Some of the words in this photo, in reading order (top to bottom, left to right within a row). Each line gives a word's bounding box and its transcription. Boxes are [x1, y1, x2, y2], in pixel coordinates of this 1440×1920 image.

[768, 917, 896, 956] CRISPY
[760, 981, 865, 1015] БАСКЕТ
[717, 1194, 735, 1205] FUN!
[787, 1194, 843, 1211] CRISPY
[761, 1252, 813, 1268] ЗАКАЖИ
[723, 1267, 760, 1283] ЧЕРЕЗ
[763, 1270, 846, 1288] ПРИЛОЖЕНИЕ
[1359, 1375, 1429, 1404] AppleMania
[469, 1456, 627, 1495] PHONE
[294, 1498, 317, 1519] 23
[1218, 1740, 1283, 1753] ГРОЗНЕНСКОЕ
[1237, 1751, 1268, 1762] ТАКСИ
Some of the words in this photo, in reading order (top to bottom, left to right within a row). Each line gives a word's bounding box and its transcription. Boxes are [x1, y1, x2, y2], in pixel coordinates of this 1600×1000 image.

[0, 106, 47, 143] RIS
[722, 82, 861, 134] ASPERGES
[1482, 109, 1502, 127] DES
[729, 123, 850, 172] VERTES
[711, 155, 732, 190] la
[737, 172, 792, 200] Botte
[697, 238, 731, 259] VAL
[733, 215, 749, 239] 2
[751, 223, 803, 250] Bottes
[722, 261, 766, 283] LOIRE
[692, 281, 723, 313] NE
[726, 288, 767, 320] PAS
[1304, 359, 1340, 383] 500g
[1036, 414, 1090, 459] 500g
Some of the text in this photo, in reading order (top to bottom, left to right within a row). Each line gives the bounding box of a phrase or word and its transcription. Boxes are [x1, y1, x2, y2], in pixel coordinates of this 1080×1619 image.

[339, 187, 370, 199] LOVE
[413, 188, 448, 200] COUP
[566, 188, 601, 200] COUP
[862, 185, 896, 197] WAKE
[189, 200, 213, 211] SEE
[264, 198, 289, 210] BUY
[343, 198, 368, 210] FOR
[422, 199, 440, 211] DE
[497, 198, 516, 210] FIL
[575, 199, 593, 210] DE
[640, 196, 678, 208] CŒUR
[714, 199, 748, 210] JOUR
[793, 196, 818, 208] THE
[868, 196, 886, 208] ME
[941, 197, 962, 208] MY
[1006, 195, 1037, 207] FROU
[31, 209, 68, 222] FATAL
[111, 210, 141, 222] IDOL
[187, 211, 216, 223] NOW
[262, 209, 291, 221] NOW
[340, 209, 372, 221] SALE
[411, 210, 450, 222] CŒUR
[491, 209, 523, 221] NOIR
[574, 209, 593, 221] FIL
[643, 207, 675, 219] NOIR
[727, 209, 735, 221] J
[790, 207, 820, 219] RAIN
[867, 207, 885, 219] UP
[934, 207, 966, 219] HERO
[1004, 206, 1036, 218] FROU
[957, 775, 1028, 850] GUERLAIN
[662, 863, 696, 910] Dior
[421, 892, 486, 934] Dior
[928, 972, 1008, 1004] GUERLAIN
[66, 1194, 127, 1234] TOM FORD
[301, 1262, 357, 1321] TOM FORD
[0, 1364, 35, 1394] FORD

§ TASK GOAL: Reproduce the records above word for word.

§ WRITTEN SOLUTION:
Some of the words in this photo, in reading order (top to bottom, left to right within a row). Each line gives a word's bounding box and its transcription. Boxes are [x1, y1, x2, y2], in pixel coordinates of this 1440×1920 image.

[768, 917, 896, 956] CRISPY
[760, 981, 865, 1015] БАСКЕТ
[717, 1194, 735, 1205] FUN!
[787, 1194, 843, 1211] CRISPY
[761, 1252, 813, 1268] ЗАКАЖИ
[723, 1267, 760, 1283] ЧЕРЕЗ
[763, 1270, 846, 1288] ПРИЛОЖЕНИЕ
[1359, 1375, 1429, 1404] AppleMania
[469, 1456, 627, 1495] PHONE
[294, 1498, 317, 1519] 23
[1218, 1740, 1283, 1753] ГРОЗНЕНСКОЕ
[1237, 1751, 1268, 1762] ТАКСИ
Some of the words in this photo, in reading order (top to bottom, left to right within a row). Each line gives a word's bounding box and its transcription. Boxes are [x1, y1, x2, y2], in pixel coordinates of this 1600×1000 image.

[0, 106, 47, 143] RIS
[722, 82, 861, 134] ASPERGES
[1482, 109, 1502, 127] DES
[729, 123, 850, 172] VERTES
[711, 155, 732, 190] la
[737, 172, 792, 200] Botte
[697, 238, 731, 259] VAL
[733, 215, 749, 239] 2
[751, 223, 803, 250] Bottes
[722, 261, 766, 283] LOIRE
[692, 281, 723, 313] NE
[726, 288, 767, 320] PAS
[1304, 359, 1340, 383] 500g
[1036, 414, 1090, 459] 500g
Some of the text in this photo, in reading order (top to bottom, left to right within a row). Each line gives the bounding box of a phrase or word and its transcription. Boxes are [x1, y1, x2, y2], in pixel coordinates of this 1080×1619 image.

[339, 187, 370, 199] LOVE
[413, 188, 448, 200] COUP
[566, 188, 601, 200] COUP
[862, 185, 896, 197] WAKE
[189, 200, 213, 211] SEE
[264, 198, 289, 210] BUY
[343, 198, 368, 210] FOR
[422, 199, 440, 211] DE
[497, 198, 516, 210] FIL
[575, 199, 593, 210] DE
[640, 196, 678, 208] CŒUR
[714, 199, 748, 210] JOUR
[793, 196, 818, 208] THE
[868, 196, 886, 208] ME
[941, 197, 962, 208] MY
[1006, 195, 1037, 207] FROU
[31, 209, 68, 222] FATAL
[111, 210, 141, 222] IDOL
[187, 211, 216, 223] NOW
[262, 209, 291, 221] NOW
[340, 209, 372, 221] SALE
[411, 210, 450, 222] CŒUR
[491, 209, 523, 221] NOIR
[574, 209, 593, 221] FIL
[643, 207, 675, 219] NOIR
[727, 209, 735, 221] J
[790, 207, 820, 219] RAIN
[867, 207, 885, 219] UP
[934, 207, 966, 219] HERO
[1004, 206, 1036, 218] FROU
[957, 775, 1028, 850] GUERLAIN
[662, 863, 696, 910] Dior
[421, 892, 486, 934] Dior
[928, 972, 1008, 1004] GUERLAIN
[66, 1194, 127, 1234] TOM FORD
[301, 1262, 357, 1321] TOM FORD
[0, 1364, 35, 1394] FORD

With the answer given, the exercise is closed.